> **LISTED RECORDS**:
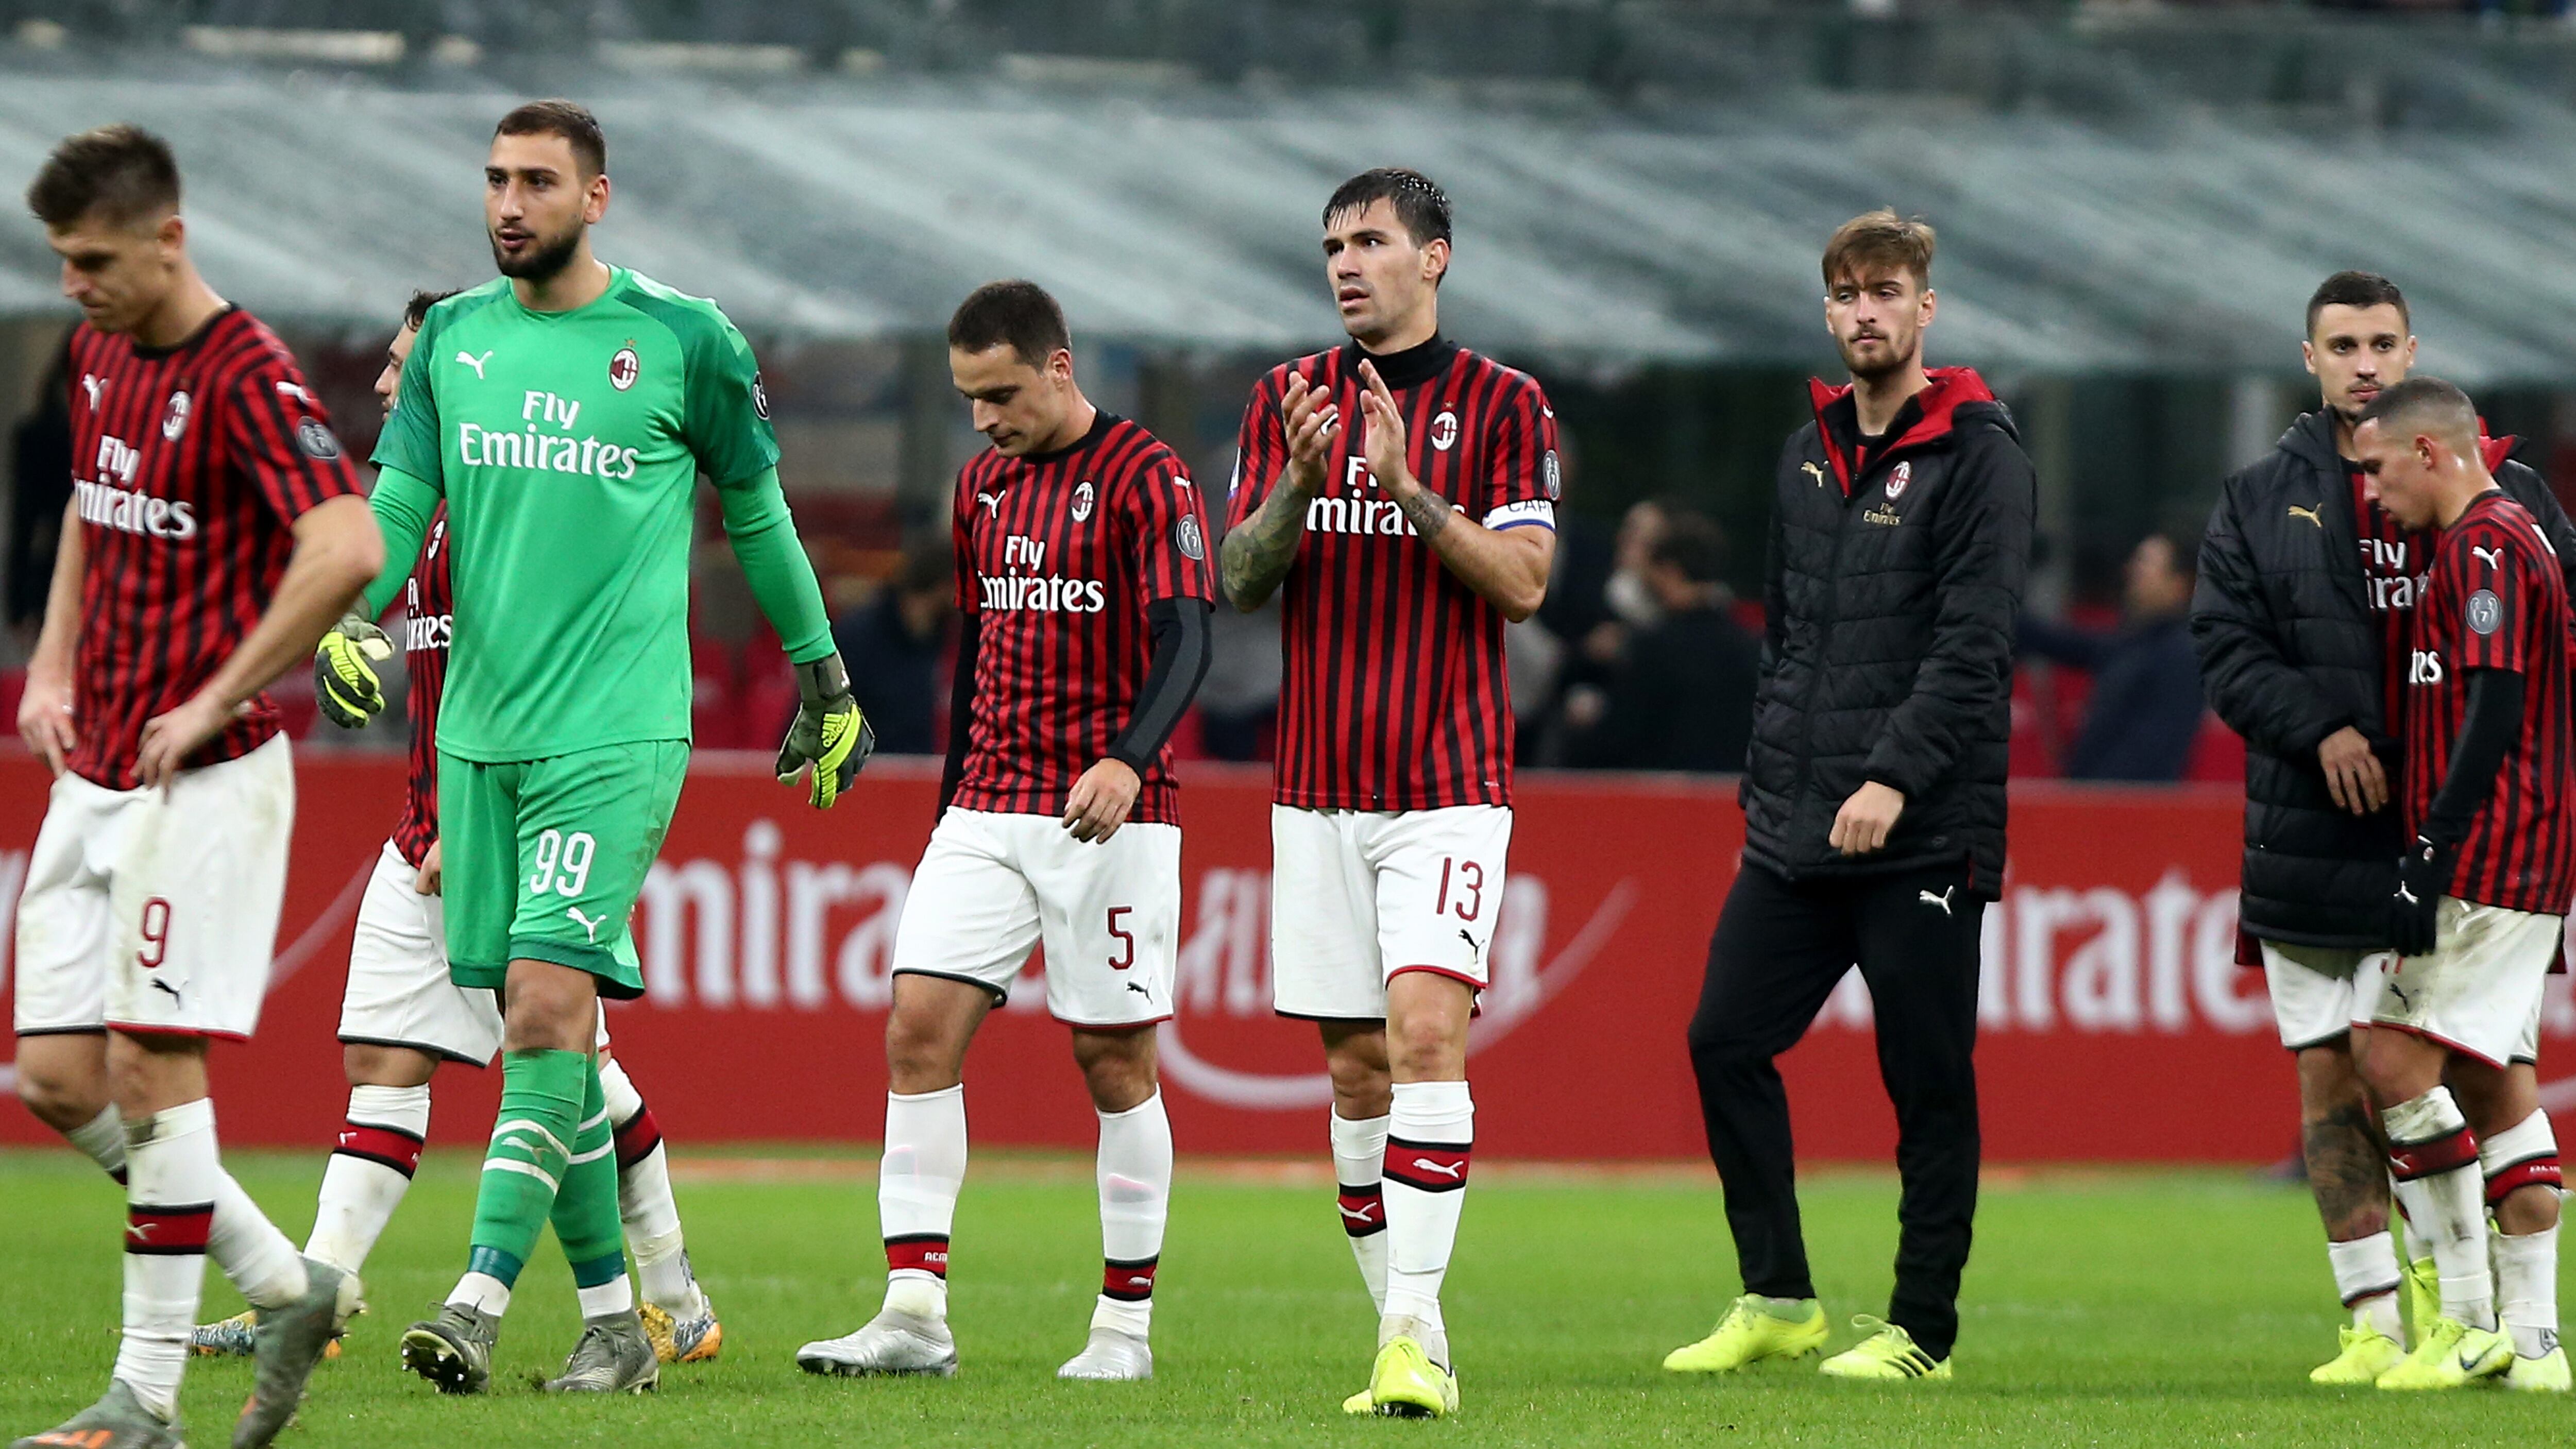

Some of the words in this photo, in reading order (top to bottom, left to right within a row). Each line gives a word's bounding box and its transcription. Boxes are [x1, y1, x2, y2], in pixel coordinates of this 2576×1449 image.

[521, 390, 580, 430] Fly
[97, 435, 140, 484] Fly
[459, 422, 638, 480] Emirates
[74, 478, 197, 540] mirates
[1004, 535, 1045, 570] Fly
[530, 829, 596, 897] 99
[1436, 857, 1483, 922] 13
[138, 896, 170, 967] 9
[1107, 906, 1134, 970] 5

> **WHAT TO PRODUCE**: Write out all the data exactly, minus pictures.

> **THE COMPLETED TASK**:
Some of the words in this photo, in reading order (top to bottom, left to right within a row). Each line gives a word's bounding box and its transcription. Boxes are [x1, y1, x2, y2], in pixel coordinates of this 2576×1449 image.

[521, 390, 580, 430] Fly
[97, 435, 140, 484] Fly
[459, 422, 638, 480] Emirates
[74, 478, 197, 540] mirates
[1004, 535, 1045, 570] Fly
[530, 829, 596, 897] 99
[1436, 857, 1483, 922] 13
[138, 896, 170, 967] 9
[1107, 906, 1134, 970] 5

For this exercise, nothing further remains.